Personal Robot Gives Paralyzed Man Daily Help


Paralyzed Man Gets Help From Personal Robot

"It's harder for his wife to get him out of bed than to shave him," said Steve Cousins, the CEO of Willow Garage. But being able to shave on his own "gives Henry a sense of dignity. This could be an extension of Henry's own body."

And there is the issue of safety. Evans has used the robot at Willow Garage's labs, not at home, and the robot has not been alone with him in a room.

"One of things that's really important is, How do we make this thing safe enough to be around somebody who literally can't defend himself?" said Cousins.

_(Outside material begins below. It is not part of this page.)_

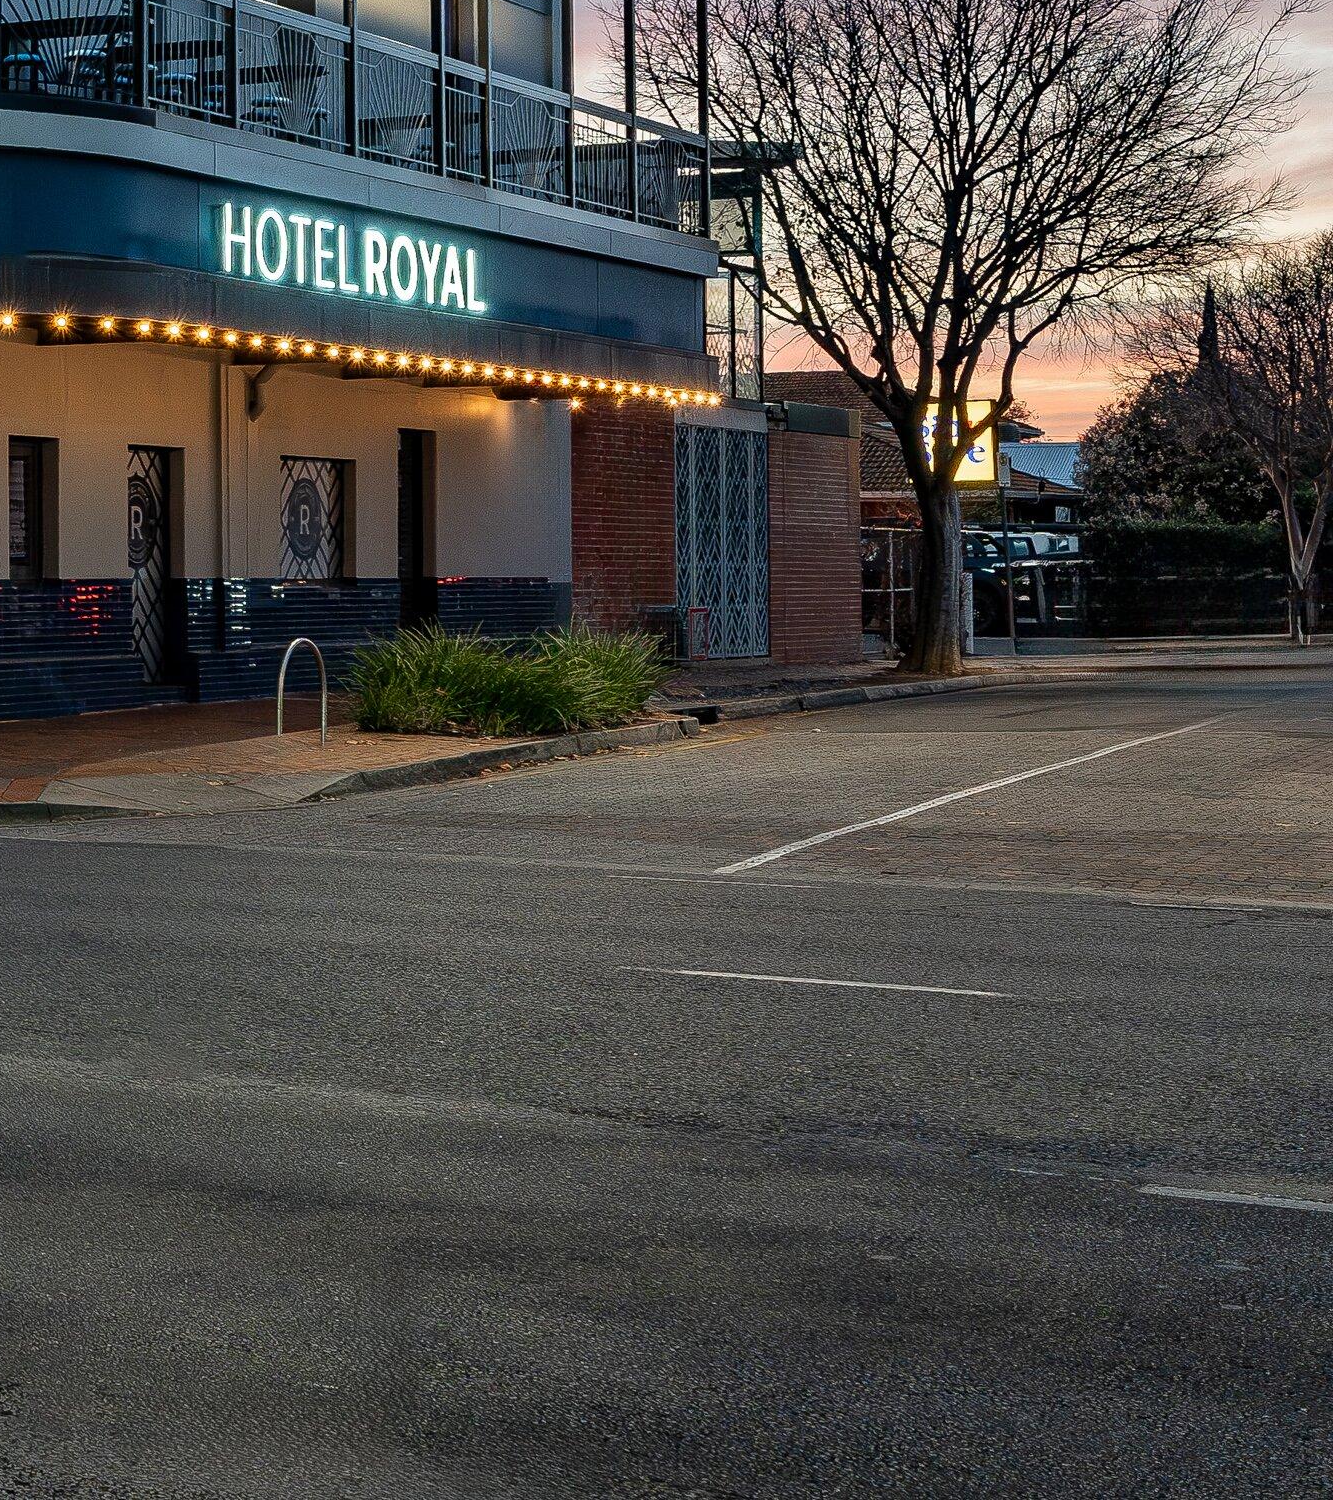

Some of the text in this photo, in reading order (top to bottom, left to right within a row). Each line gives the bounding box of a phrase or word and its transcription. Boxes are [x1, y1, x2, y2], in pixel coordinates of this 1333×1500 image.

[222, 202, 486, 312] HOTEL ROYAL
[131, 505, 143, 539] R
[300, 504, 310, 534] R

"Robots like those used in automobile factories now rely on the world being predictable," said Kemp. "With humans, who are less predictable, they need more intelligence. The robot needs to be softer, more compliant."

Cousins and Kemp said they hope that PR2 can be made more widely available in the next decade or so.

"We sell these for $400,000," said Cousins. "Henry is what we call an extreme user, meaning he has an extreme disability. There are a lot of people who have less disability, but still could use help. Say, if you fall down and break your ankle, you might be able to rent a robot for six weeks and have it go to the fridge for you."

Added Kemp, "Hopefully on the research side we can show this is feasible. I'm optimistic but I can't really say for certain. Let's say that if within 10 years there aren't robots out there doing things like this, I'll be disappointed."

Kemp and Evans have developed a partnership, working together both for research and practical benefit.

"We've worked with people with other physical disabilities," said Kemp. "But usually they'll come in and we'll do a study, they'll give us some good suggestions, but it's usually a short-term thing. With Henry, we're working with someone who's engaged throughout the whole process. It's exciting."

"When the robot scratched me for the first time, I remember thinking; 'the human mind can do whatever it wants,'" wrote Evans in his email. "I also remember thinking how wonderful the robot was, as well as the headtracker…. I also remember thinking, 'who said American innovation was dead?'"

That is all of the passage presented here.